» What this task involves
Retype every entry in its entirety, without alteration.

» Supplied entries
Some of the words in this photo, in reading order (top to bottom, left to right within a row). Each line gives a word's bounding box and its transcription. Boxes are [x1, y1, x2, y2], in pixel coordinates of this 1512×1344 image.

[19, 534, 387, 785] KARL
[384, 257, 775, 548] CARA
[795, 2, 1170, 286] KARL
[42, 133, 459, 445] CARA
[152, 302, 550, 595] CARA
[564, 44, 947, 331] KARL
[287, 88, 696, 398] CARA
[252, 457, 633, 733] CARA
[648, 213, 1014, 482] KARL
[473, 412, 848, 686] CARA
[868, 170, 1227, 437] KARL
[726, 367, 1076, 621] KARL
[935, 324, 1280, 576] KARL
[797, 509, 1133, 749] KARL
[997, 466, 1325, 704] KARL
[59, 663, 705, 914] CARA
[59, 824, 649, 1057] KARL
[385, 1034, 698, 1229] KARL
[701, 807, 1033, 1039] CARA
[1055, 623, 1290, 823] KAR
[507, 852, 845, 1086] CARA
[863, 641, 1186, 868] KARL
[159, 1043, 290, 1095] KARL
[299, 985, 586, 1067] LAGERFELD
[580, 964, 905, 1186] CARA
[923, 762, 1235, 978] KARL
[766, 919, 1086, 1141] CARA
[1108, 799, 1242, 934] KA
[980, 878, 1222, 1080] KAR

» Result
Some of the words in this photo, in reading order (top to bottom, left to right within a row). Each line gives a word's bounding box and its transcription. Boxes are [x1, y1, x2, y2], in pixel coordinates of this 1512×1344 image.

[19, 534, 387, 785] KARL
[384, 257, 775, 548] CARA
[795, 2, 1170, 286] KARL
[42, 133, 459, 445] CARA
[152, 302, 550, 595] CARA
[564, 44, 947, 331] KARL
[287, 88, 696, 398] CARA
[252, 457, 633, 733] CARA
[648, 213, 1014, 482] KARL
[473, 412, 848, 686] CARA
[868, 170, 1227, 437] KARL
[726, 367, 1076, 621] KARL
[935, 324, 1280, 576] KARL
[797, 509, 1133, 749] KARL
[997, 466, 1325, 704] KARL
[59, 663, 705, 914] CARA
[59, 824, 649, 1057] KARL
[385, 1034, 698, 1229] KARL
[701, 807, 1033, 1039] CARA
[1055, 623, 1290, 823] KAR
[507, 852, 845, 1086] CARA
[863, 641, 1186, 868] KARL
[159, 1043, 290, 1095] KARL
[299, 985, 586, 1067] LAGERFELD
[580, 964, 905, 1186] CARA
[923, 762, 1235, 978] KARL
[766, 919, 1086, 1141] CARA
[1108, 799, 1242, 934] KA
[980, 878, 1222, 1080] KAR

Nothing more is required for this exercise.